As long as I can remember1, any protagonist of a movie or a TV show who wasn’t world-weary and cynical was either naïve, stupid, or both. In American popular culture, “good” people are the way they are only because they don’t understand how the world truly works. As side characters they are mostly comic relief. As protagonists they can only succeed through piercing the veil of ignorance — becoming worse people in the process — or by pure dumb luck. Ned Flanders, Forest Gump, Kimmy Schmidt all come to mind.

Not so with Ted Lasso, the only character in recent memory who is well aware that the world is harsh and that there are people out to get him2, yet defaults to thinking the best of everyone he meets. He is still capable of mild deception in the service of punishing the wicked, but he can’t even punish someone without an endearing monologue on what he’s all about: being curious and not judgmental.

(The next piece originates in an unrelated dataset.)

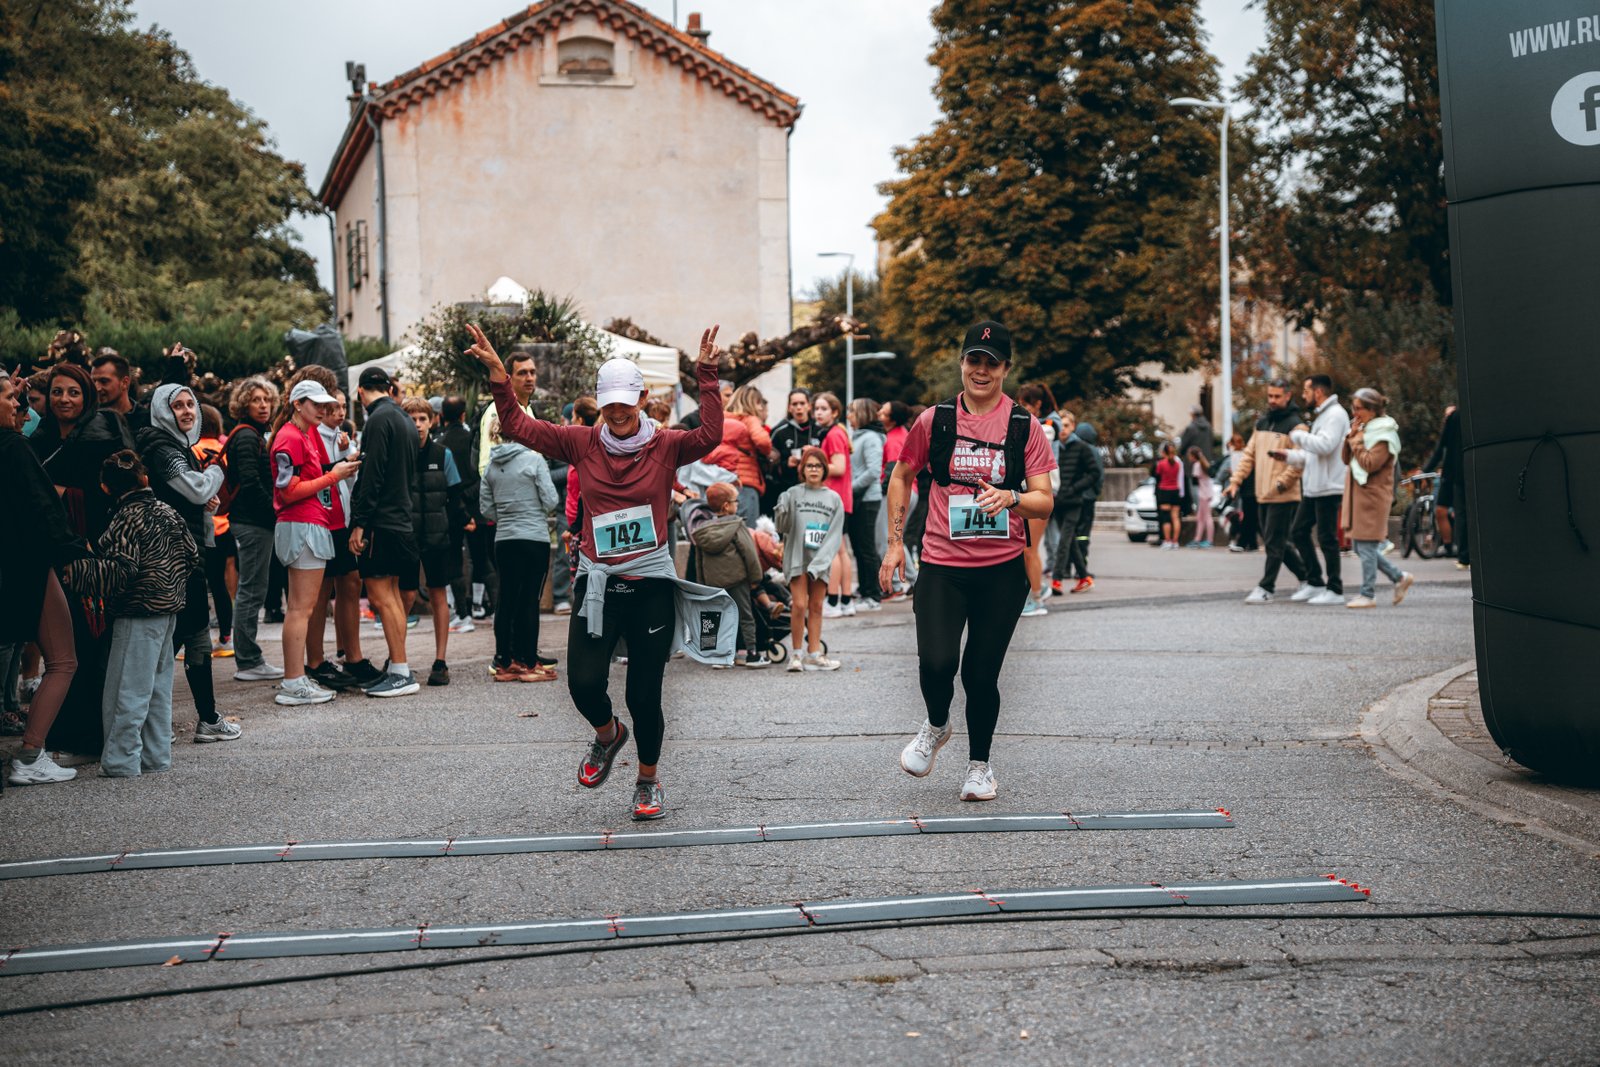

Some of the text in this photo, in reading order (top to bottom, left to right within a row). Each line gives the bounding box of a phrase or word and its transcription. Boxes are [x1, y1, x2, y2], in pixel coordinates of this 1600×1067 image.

[954, 457, 991, 467] COURSE
[962, 508, 997, 529] 744
[605, 521, 643, 549] 742

Being more curious and less judgemental would serve everyone well at any time, but never more so than this year, when everyone suspects the worst of everyone else. The default behavior is mistrust, the default sentiment cynicism. This show starts with plenty of both, yet they melt away under Lasso’s high-power beam of un-ironic and very self-aware goodness. If the 2000s were the decade of The Wire and the 2010s were the decade of the Game of Thrones, I wish, hope, pray that the 2020s turn out to be the decade of Ted Lasso.


  1. Which is to say, mid to late 1980s. 

  2. The show doesn’t hide who this is: all of England, save for two close friends.